§ What is required: Please output every record below exactly as written, leaving out any pictures.

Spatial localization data

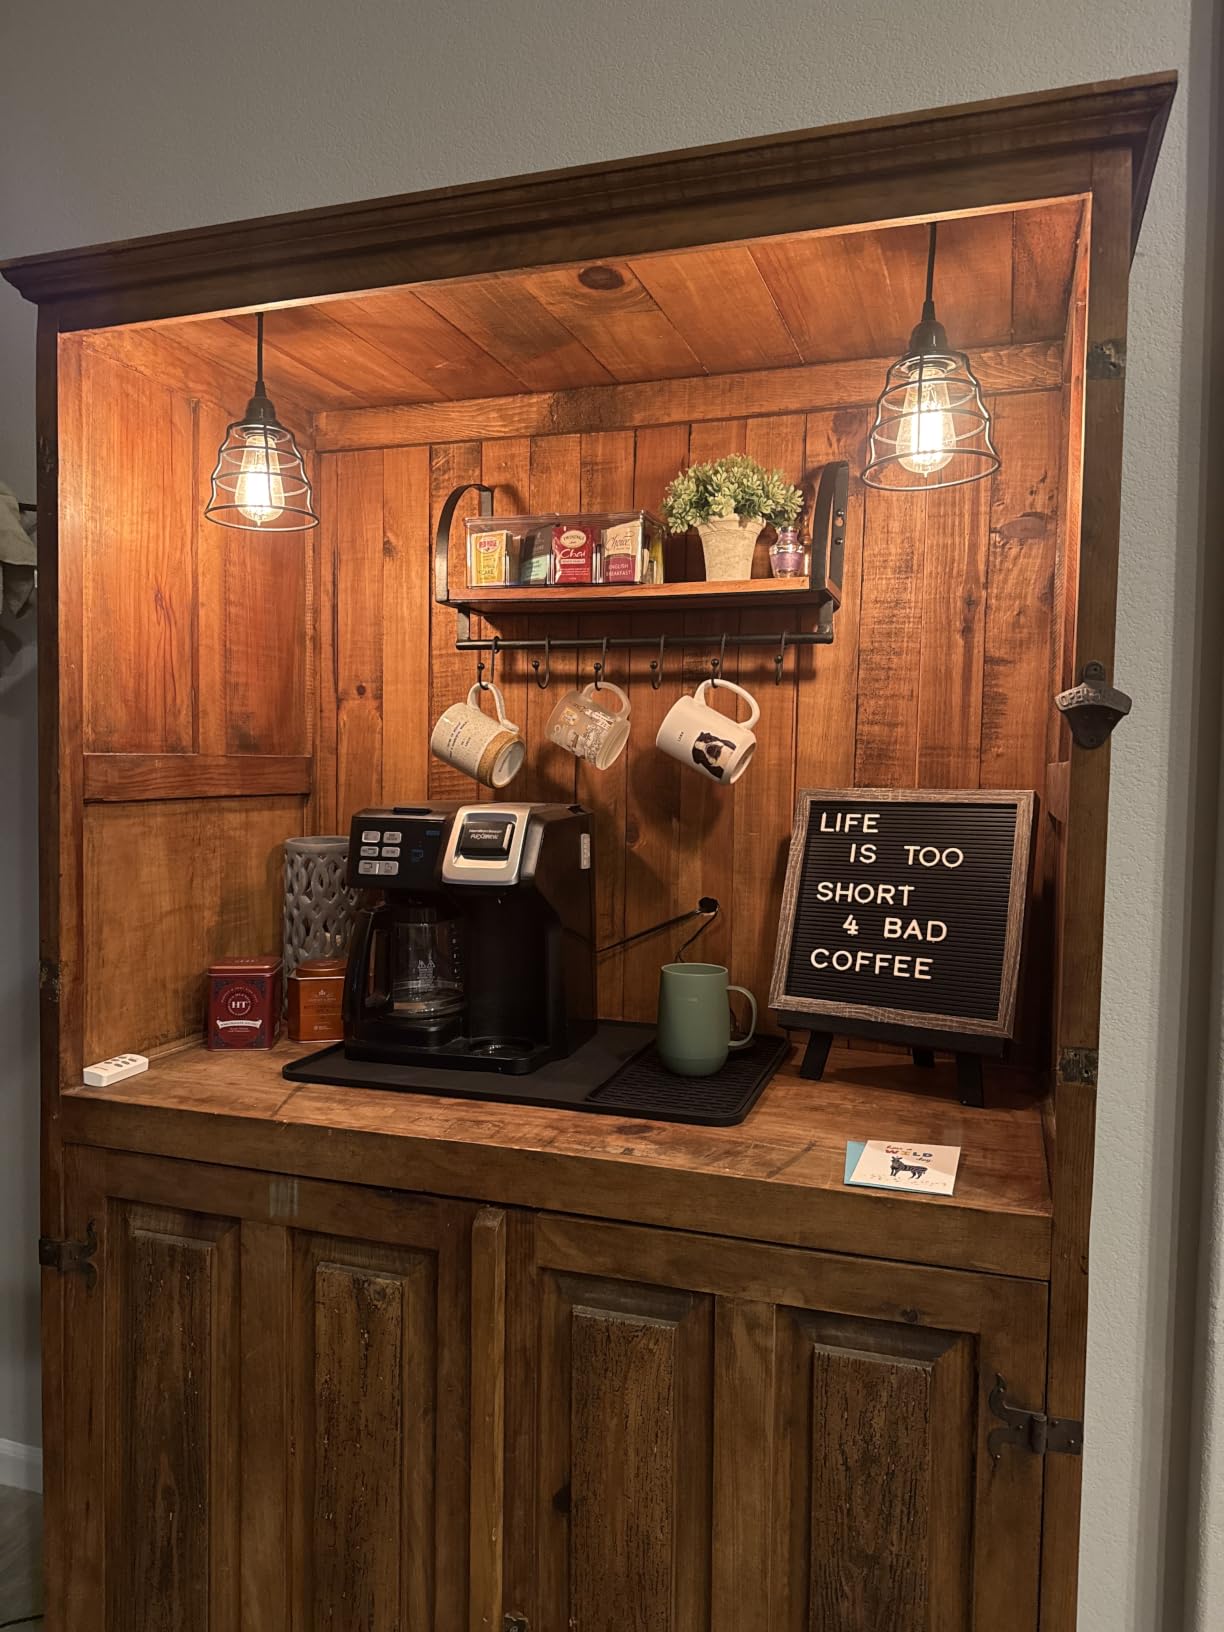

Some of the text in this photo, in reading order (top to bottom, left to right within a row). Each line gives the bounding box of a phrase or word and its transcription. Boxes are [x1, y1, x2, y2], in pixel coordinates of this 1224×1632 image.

[558, 548, 586, 559] Chai
[819, 811, 881, 834] LIFE
[849, 843, 964, 869] IS TOO
[816, 881, 916, 907] SHORT
[842, 914, 948, 943] 4 BAD
[809, 947, 934, 981] COFFEE
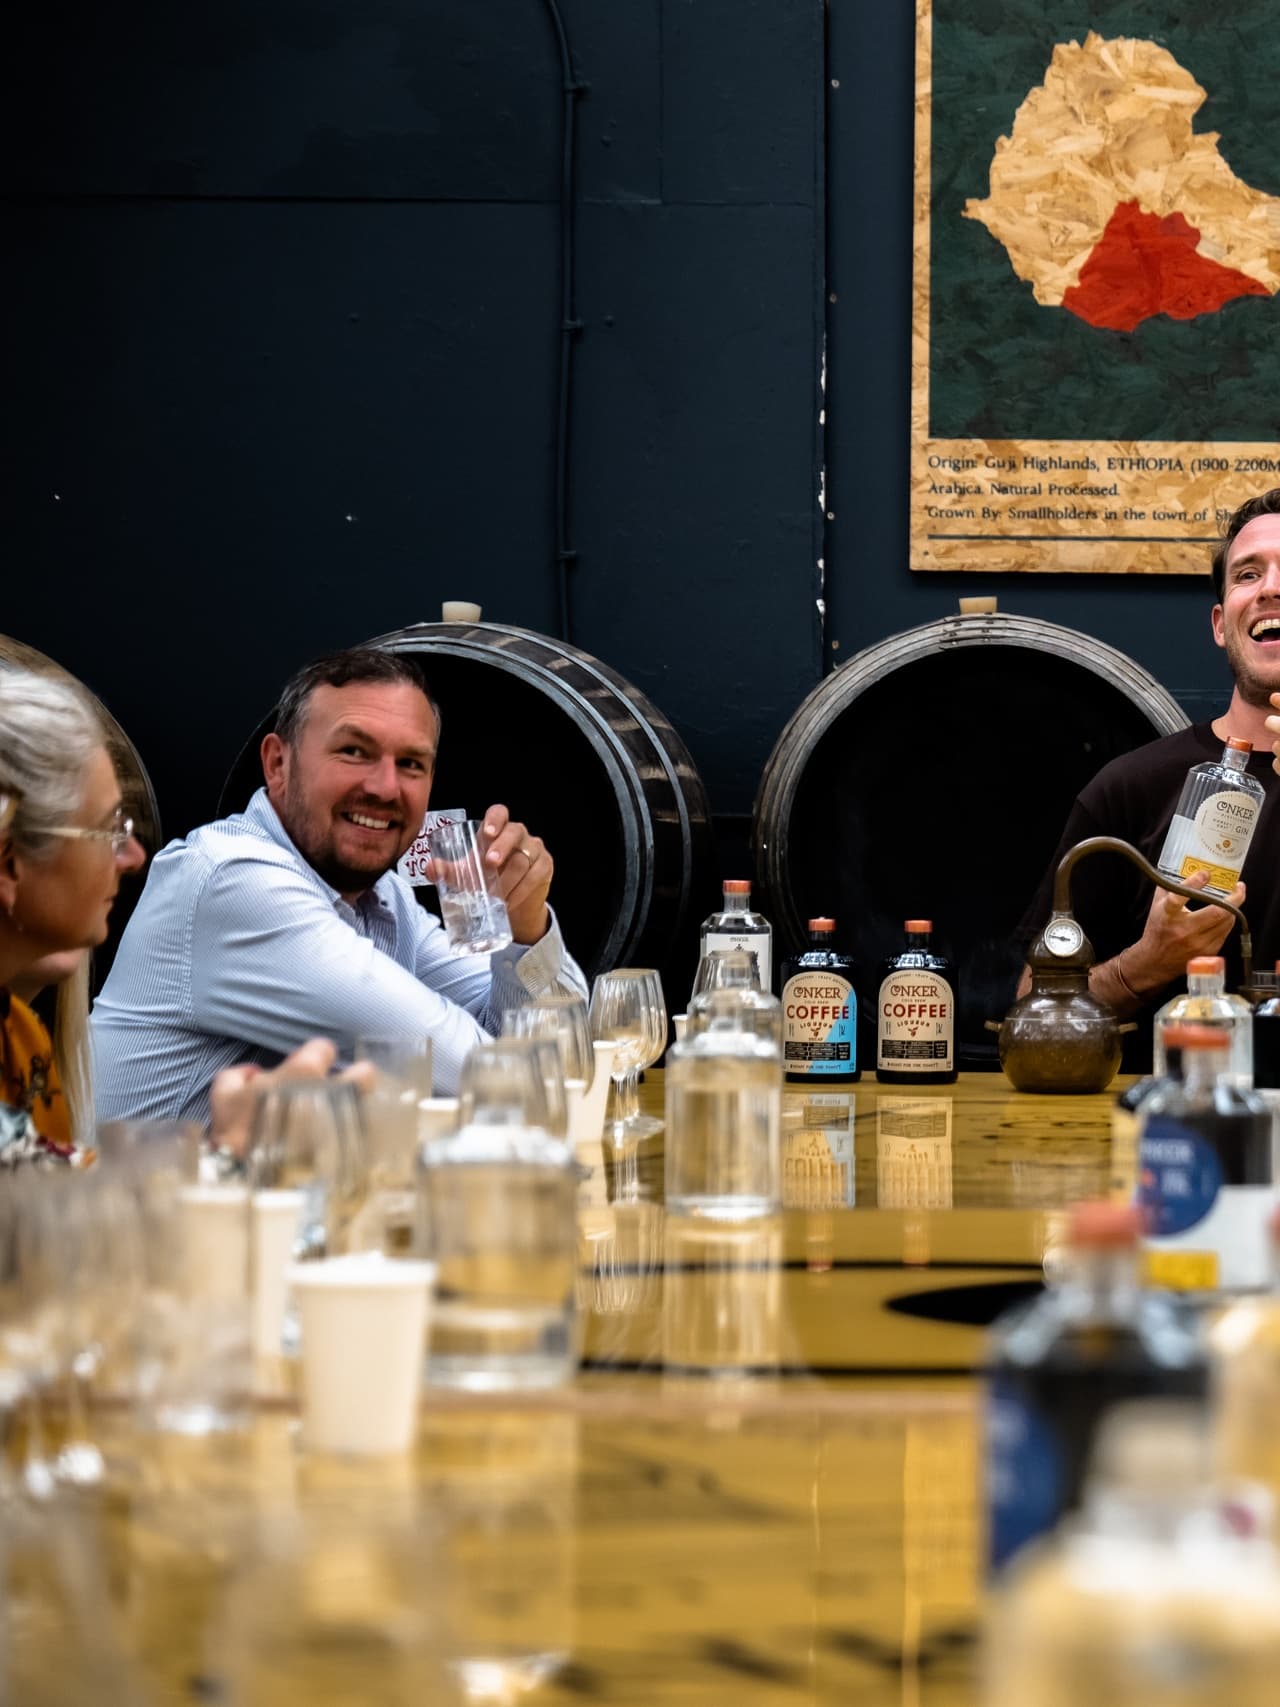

§ Exercise solution:
Some of the text in this photo, in reading order (top to bottom, left to right within a row). Each line gives the bounding box of a phrase or word and its transcription. Boxes are [x1, y1, x2, y2], in pixel coordinates of this 1224×1632 image.

[558, 548, 586, 559] Chai
[819, 811, 881, 834] LIFE
[849, 843, 964, 869] IS TOO
[816, 881, 916, 907] SHORT
[842, 914, 948, 943] 4 BAD
[809, 947, 934, 981] COFFEE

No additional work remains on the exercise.